Journal of the American Chemical Society, Vol.139, No.12, 4568-4573, 2017
Evolution of an Efficient and Scalable Nine-Step (Longest Linear Sequence) Synthesis of Zincophorin Methyl Ester
Because of both their synthetically challenging and stereochemically complex structures and their wide range of often clinically relevant biological activities, nonaromatic polyketide natural products have for decades attracted an enormous amount of attention from synthetic chemists and played an important role in the development of modern asymmetric synthesis.
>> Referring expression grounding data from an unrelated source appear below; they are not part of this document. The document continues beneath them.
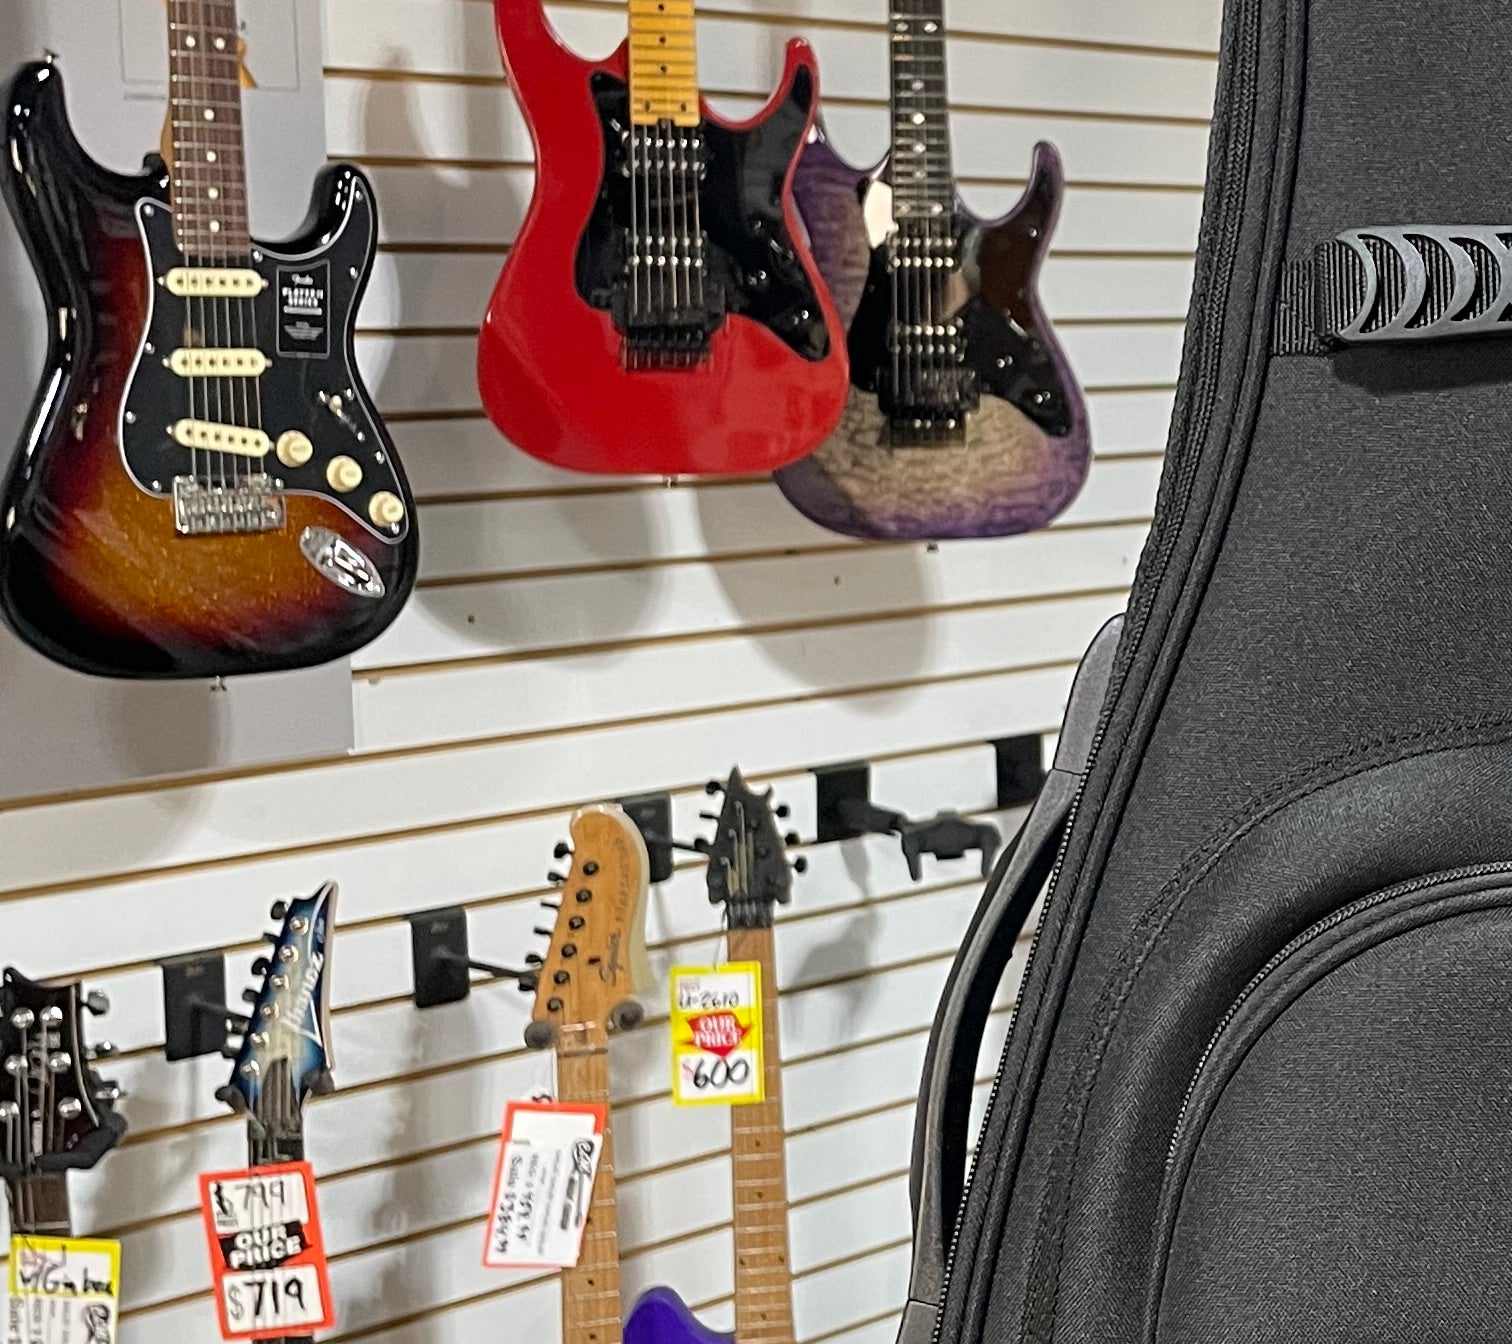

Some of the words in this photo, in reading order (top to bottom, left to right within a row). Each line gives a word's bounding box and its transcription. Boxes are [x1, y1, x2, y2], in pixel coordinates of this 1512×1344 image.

[699, 1015, 736, 1032] OUR
[693, 1029, 742, 1048] PRICE
[234, 1224, 288, 1250] OUR
[229, 1235, 302, 1270] PRICE
[228, 1277, 306, 1322] $719
Often, such compounds are not available in quantity from natural sources, rendering, analogue synthesis and drug development efforts extremely resource-intensive and time-consuming. In this arena, the quest for ever more step economical and efficient methods and strategies, useful and important goals in their own right, takes on added importance, and the most useful syntheses will combine high levels of step economy with efficiency and scalability. The nonaromatic polyketide natural product zincophorin methyl ester has attracted significant attention from synthetic chemists due primarily to the historically synthetically challenging C(8)-C(12) all-anti stereopentad. While great progress has been made in the development of new methodologies to more directly address this problem and as a result in the development of more highly step-economical syntheses, a synthesis that combines high levels of step economy with high levels of efficiency and scalability has remained elusive. To address this problem, we have devised a new synthesis of zincophorin methyl ester that proceeds in just nine steps in the longest linear sequence and proceeds in 10% overall yield. Additionally, the scalability and practicability of the route have been demonstrated by performing all of the steps on a meaningful scale. This synthesis thus represents by a significant margin the most step-economical, efficient, and practicable synthesis of this stereochemically complex natural product reported to date, and is well suited to facilitate the synthesis of analogues and medicinal chemistry development efforts in a time- and resource-efficient manner.